その日は、初めて来る客も混じった。隣の客が、教える。

「ここな、変な企画ちょこちょこやる店や」「けど、味は外してへん」

「今日は、ええ日や」

その言葉を聞いて、博之は鍋を見た。

――ああ、伝わり始めたな。そう思った。

五縁の日が、一ヶ月で三回来た。毎回、同じ顔が何人か来る。

「この日だけの客」が、確かにおる。

帳面を閉じて、博之はのぶに言った。

「三軒目、いけるな」

のぶは即答せん。

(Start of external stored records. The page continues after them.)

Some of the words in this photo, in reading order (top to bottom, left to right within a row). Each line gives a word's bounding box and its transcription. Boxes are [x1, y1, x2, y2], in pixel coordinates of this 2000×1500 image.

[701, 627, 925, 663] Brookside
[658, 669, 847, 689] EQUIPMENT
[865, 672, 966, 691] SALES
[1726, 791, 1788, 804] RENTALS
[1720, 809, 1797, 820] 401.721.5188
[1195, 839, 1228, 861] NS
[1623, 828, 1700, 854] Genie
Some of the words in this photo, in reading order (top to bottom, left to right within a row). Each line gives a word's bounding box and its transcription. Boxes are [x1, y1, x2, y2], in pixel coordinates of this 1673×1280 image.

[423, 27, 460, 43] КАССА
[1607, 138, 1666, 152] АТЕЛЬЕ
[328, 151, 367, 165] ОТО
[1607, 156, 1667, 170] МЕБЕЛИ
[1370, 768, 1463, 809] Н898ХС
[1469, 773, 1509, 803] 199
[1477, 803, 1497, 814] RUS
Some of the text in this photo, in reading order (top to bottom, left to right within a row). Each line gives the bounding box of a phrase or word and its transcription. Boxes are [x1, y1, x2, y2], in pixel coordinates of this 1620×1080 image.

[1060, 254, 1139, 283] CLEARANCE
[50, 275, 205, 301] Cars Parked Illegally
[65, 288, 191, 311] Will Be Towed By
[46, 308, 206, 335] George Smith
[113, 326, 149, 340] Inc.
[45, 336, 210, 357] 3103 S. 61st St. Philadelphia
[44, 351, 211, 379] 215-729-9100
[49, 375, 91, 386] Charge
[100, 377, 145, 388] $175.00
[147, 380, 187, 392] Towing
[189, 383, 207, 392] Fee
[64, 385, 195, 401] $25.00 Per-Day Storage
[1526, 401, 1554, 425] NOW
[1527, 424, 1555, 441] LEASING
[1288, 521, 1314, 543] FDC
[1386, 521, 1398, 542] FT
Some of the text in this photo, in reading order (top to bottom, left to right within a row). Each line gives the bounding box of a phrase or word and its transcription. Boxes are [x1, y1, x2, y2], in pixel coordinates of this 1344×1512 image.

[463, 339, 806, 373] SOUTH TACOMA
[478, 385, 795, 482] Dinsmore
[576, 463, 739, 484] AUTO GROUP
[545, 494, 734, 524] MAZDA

数字を一度見てから、うなずいた。

「人、増やしましょう」さきちゃんも言う。

「給仕、もう一人あっても回りますね」

その晩、博之は暖簾を下ろすと、そのまま口入屋の方へ足を向けた。

「人を、探してほしい」「小間使い一人」「給仕の女の子、一人」

口入屋は、目を細めた。「また店、増やすんですか」

博之は、首を振った。「いや」「増える準備や」

路地裏の灯りは、まだ二つ。せやけど、五縁の日は、

三つ目の場所を、もう照らし始めていた。